The race director, Nick Coury, wrote a very informative piece on irunfar as a lead up to this Saturday's race, which includes an interesting history about 100 mile and 24 hour American records. Of course it will be exciting to see what Pam Smith can do (if she can break the track 24 hour American record) and if Zach Bitter can run a 100 mile American record. Pam, her husband and I will be staying together then night before and I hope at least some of her aura (don't be freaked, Pam) will rub off on me. Of course I can not be better than I am; I can only be the best I can be at this time. And that is pretty low-pressure and purposely vague, which is fine with me. No one is watching me and no one knows me. (Let's keep it that way)

Back to Nick Coury. He has been emailing all of us about exactly what he can buy for us to have at the aid station. If we are cold- they have extra jackets, if we need pacing, they are there to calculate, if we want Thai food at 2am, they'll get it- or something like that. And now we are all invited out to dinner the night before.

By the way, I love Duluth in the cold. On the way back from Virginia, driving with SR, Nanna and the kids, we saw amazing northern lights.

The nothern lights we saw looked like this. They were green because the wind from the sun was blowing through the weak spots in the magnetic field at the north pole and reacting with the oxygen in the atmosphere. Had they been reacting with the nitrogen, the northern lights would have been bluer/purpler and higher up in the atmosphere. It's intuitively obvious, really. What I never knew about aurora borealis is the lights and pattern change constantly (mostly it gets brighter and dimmer)! It is incredible. Like a sea of sun spot wind (an analogy we can all relate to).

Yesterday it was -5F/-21 C



And today's photo from -10F/-23C is the new header. Spectacular. Nothing makes Lake Superior look more beautiful than the dry, clear air, bright sun and steam from the warm water.

One more thing.

I read this article last night by Dr. Nicholas Romanov and it made so much sense to me! Why would you have a goal of running a marathon before you have learned to run well? I was exactly one of those people who never learned to run and was convinced to sign up for a marathon before I had even run a 5k. Sure it was fun and I had a runner's high at the end, but then I was injured for months afterwards. And for what? To tell people I had run a marathon? Pointless.

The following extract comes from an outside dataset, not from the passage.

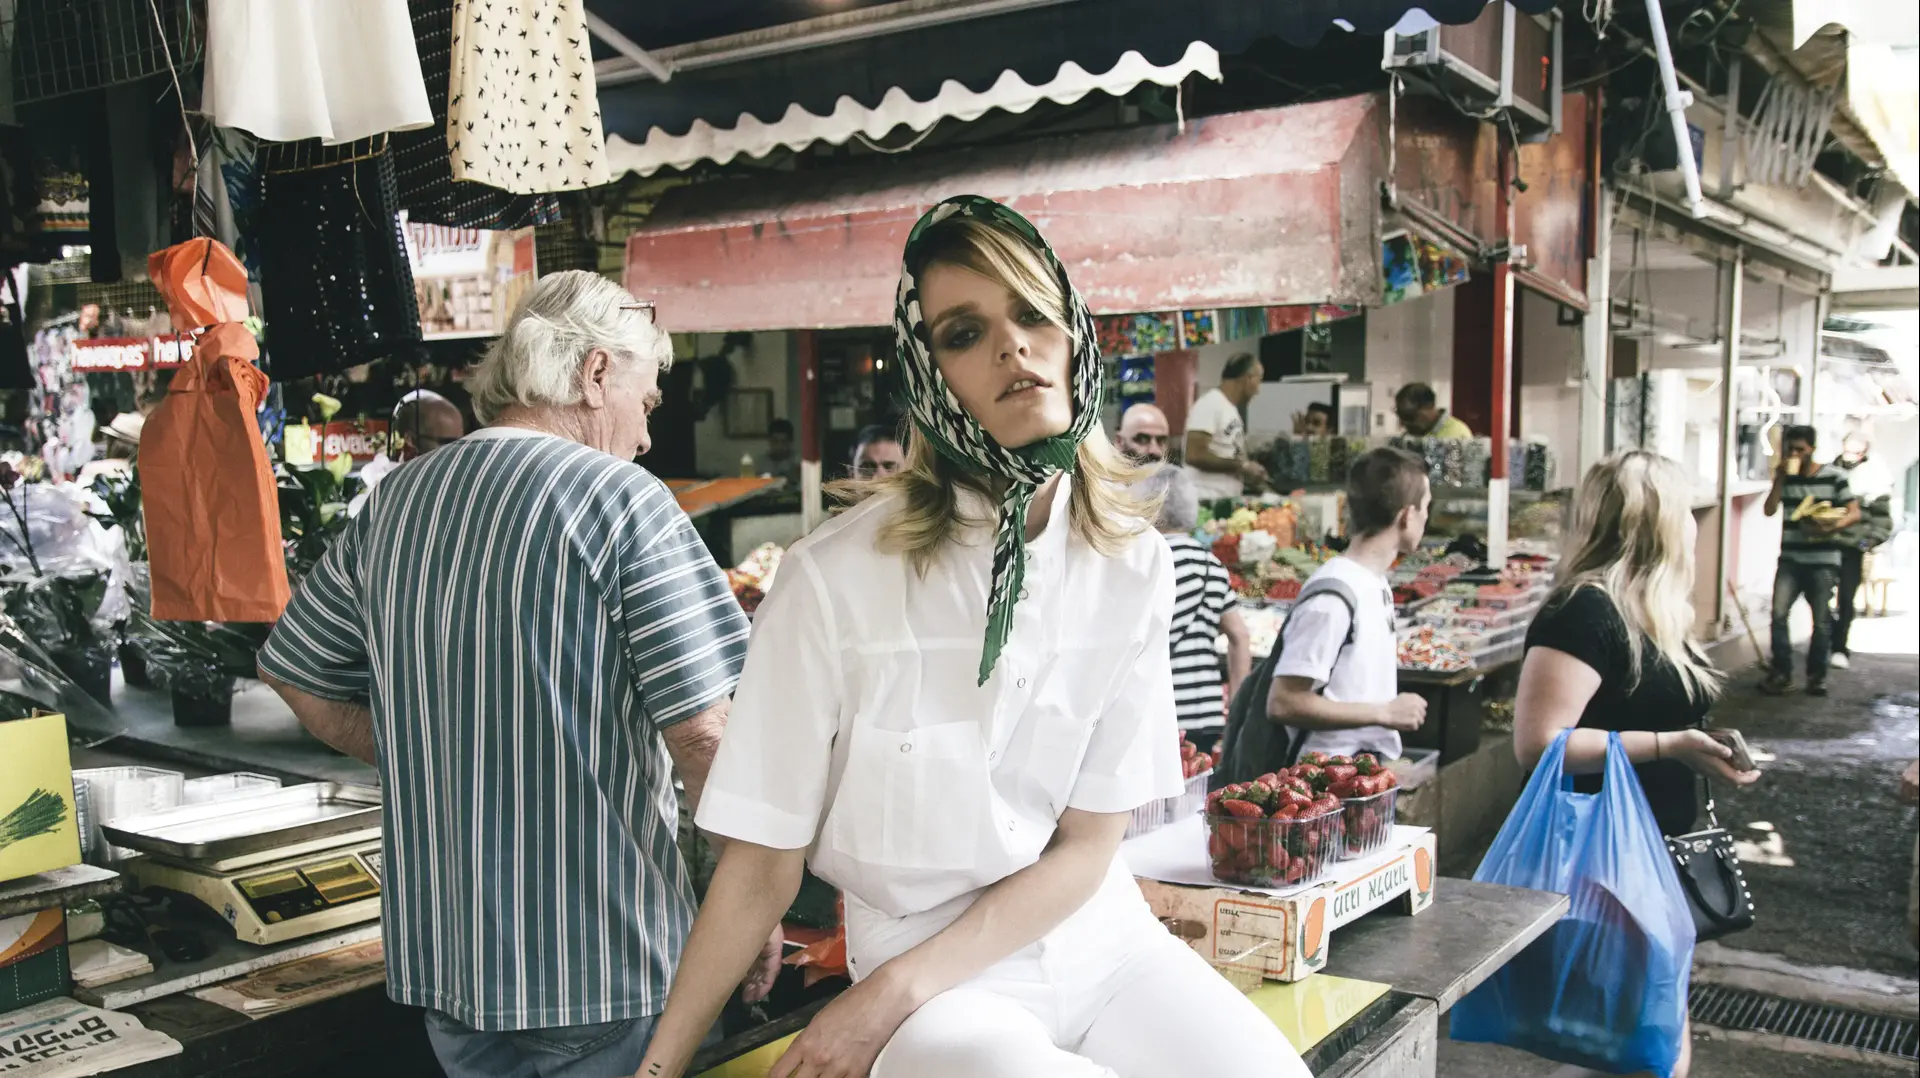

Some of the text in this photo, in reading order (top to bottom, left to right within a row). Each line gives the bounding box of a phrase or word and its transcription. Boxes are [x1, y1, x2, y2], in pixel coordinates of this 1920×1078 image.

[1334, 864, 1408, 918] מנגו אלמגור
[20, 1029, 121, 1063] גברים

Would you try to play a concerto before you had learned the notes of the piano? Before you have learned to play chords and each scale? I don't know. Maybe. But you are sure making your life difficult. Plus it will sound like crap. And when it is not just your fingers, but your entire body, you are risking injury if not worse. Just something to consider.

Where I am right now-- my goal is simply to be good at running. This is a very satisfying and understandable goal. It has intrinsic value. Like, I want to be a good painter (okay I don't really) rather than paint 100 enormous murals before I have really learned to paint. (Maybe I should learn to write before writing this blog?!)

I leave you with some pictures of First Landing State Park in Virginia Beach, the site of the first landing of Jamestown Colonists in 1607.

Spanish Moss on the trees, plant identification by Pam Smith
I gained an understanding of why it was called the "tidewater area"

On my way to the plane, I showered at the Zen hot yoga studio in Virgina Beach- one of the nicest showers I have ever experienced! Yogis are such awesome people. And they like nice shampoo and soap.


1 comment:

Karen said...

I have a framed photograph of the aurora hanging over my fireplace. If I look at it more than just a few seconds at a time, I swear the colors still grow brighter and dimmer. It is awesome!